Avvertenze: cosa bisogna sapere prima di assumere l'olanzapina?
Prima di avviare il trattamento, è indispensabile una valutazione medica accurata. È fondamentale tenere ben presenti i seguenti fattori:
- Rischio metabolico: l'olanzapina può aumentare l'appetito, favorire l'aumento di peso, alterare glicemia e lipidi. Non sorprende, quindi, la domanda "olanzapina fa ingrassare?" La risposta al quesito è potenzialmente sì, essendo in grado di provocare incremento ponderale soprattutto nelle fasi iniziali del trattamento
- Sonno e sedazione: l'effetto sedativo del farmaco è significativo. L'olanzapina fa dormire e ciò può rivelarsi utile soprattutto nei momenti di forte agitazione. Tuttavia, il farmaco può causare eccessiva sonnolenza, interferendo con le normali attività quotidiane
- Sistema cardiovascolare: l'olanzapina può causare ipotensione e tachicardia, pertanto il monitoraggio nei pazienti cardiopatici è essenziale farlo con una cadenza costante, in base al paziente e alle sue comorbidità e anche al dosaggio del farmaco stesso.
- Interazioni farmacologiche: è fondamentale evitare alcuni farmaci, tra cui le benzodiazepine, a causa del rischio di sedazione eccessiva. Anche la combinazione tra olanzapina e alcol può aumentare la sedazione e compromettere la vigilanza.
- Uso nei minori. L'impiego del farmaco da parte di bambini e adolescenti richiede particolare cautela, poiché gli effetti metabolici possono essere più marcati
- Effetti a lungo termine: gli effetti collaterali a lungo termine possono includere aumento di peso, resistenza insulinica, rischio cardiovascolare e discinesia tardiva (raro). Non esistono prove solide circa eventuali olanzapina danni cerebrali come supposto in passato, sebbene siano presenti effetti avversi transitori sul sistema nervoso centrale
- Questioni di sicurezza generale: le affermazioni "olanzapina è una droga" o "olanzapina è una droga pericolosa" sono improprie. Stiamo parlando, infatti, di un farmaco efficace e sicuro quando usato correttamente, nonostante la necessità di una gestione medica accurata

Quali sono gli effetti collaterali dell'olanzapina?

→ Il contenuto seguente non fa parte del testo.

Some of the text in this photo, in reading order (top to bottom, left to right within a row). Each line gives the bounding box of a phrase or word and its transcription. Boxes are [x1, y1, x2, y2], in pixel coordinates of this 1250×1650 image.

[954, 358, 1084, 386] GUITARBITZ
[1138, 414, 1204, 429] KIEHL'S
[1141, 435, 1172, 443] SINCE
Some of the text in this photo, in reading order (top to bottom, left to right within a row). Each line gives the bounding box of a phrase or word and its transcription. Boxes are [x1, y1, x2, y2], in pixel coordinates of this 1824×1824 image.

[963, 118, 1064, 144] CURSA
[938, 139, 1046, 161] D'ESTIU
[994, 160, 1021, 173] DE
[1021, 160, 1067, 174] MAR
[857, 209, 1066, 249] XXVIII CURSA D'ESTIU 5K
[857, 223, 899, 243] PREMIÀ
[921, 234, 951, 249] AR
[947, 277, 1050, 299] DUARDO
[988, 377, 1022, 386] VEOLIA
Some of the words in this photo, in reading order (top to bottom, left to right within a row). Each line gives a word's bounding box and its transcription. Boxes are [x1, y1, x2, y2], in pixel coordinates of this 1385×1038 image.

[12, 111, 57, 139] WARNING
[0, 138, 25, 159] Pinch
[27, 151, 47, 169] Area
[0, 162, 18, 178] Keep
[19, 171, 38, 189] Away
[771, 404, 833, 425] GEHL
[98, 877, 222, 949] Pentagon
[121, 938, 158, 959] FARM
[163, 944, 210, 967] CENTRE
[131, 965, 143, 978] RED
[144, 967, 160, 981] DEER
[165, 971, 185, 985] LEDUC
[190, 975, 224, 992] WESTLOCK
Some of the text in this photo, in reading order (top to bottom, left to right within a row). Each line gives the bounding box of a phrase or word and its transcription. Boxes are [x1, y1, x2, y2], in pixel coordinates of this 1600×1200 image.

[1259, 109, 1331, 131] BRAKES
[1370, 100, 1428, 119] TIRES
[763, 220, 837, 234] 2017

Come accade con tutti gli psicofarmaci, gli effetti collaterali dell'olanzapina sono variabili e dipendono dalla dose, dalla durata del trattamento e dalla sensibilità individuale. Tra quelli più molto comuni è necessario segnalare:
- Aumento dell'appetito e del peso
- Sonnolenza
- Ipotensione ortostatica
Tra gli effetti comuni figurano:
- Alterazioni della glicemia
- Aumento dei trigliceridi
- Stipsi (lieve)
- Secchezza della bocca (lieve)
- Eosinofilia
- Capogiro, acatisia, Parkinsonismo e discinesia (disturbi del sistema nervoso)
- Irrequietezza o acatisia ( sensazione interna di irrequietezza e dal bisogno impellente di muoversi)
- Riduzione della pressione arteriosa
- Sindrome neurolettica maligna (molto raro)--> sindrome che si verifica se si verificano più antipsicotici o se si sospendono improvvisamente
- Convulsioni
- Trombocitopenia
- Aumento significativo dei valori epatici (si tratta di uno degli olanzapina effetti collaterali a lungo termine più rari, ma comunque possibili)
Cosa succede per un sovradosaggio da olanzapina?
Un sovradosaggio può essere pericoloso e necessita di assistenza medica immediata. I sintomi possono includere:
- Sedazione profonda fino al coma
- Agitazione paradossa
- Tachicardia
- Disturbi respiratori
- Ipotensione arteriosa
- Alterazioni del ritmo cardiaco
Non esiste un antidoto specifico: il trattamento consiste nel monitoraggio intensivo e nel supporto delle funzioni vitali.
Bibliografia
Olanzapine. — StatPearls - NCBI Bookshelf.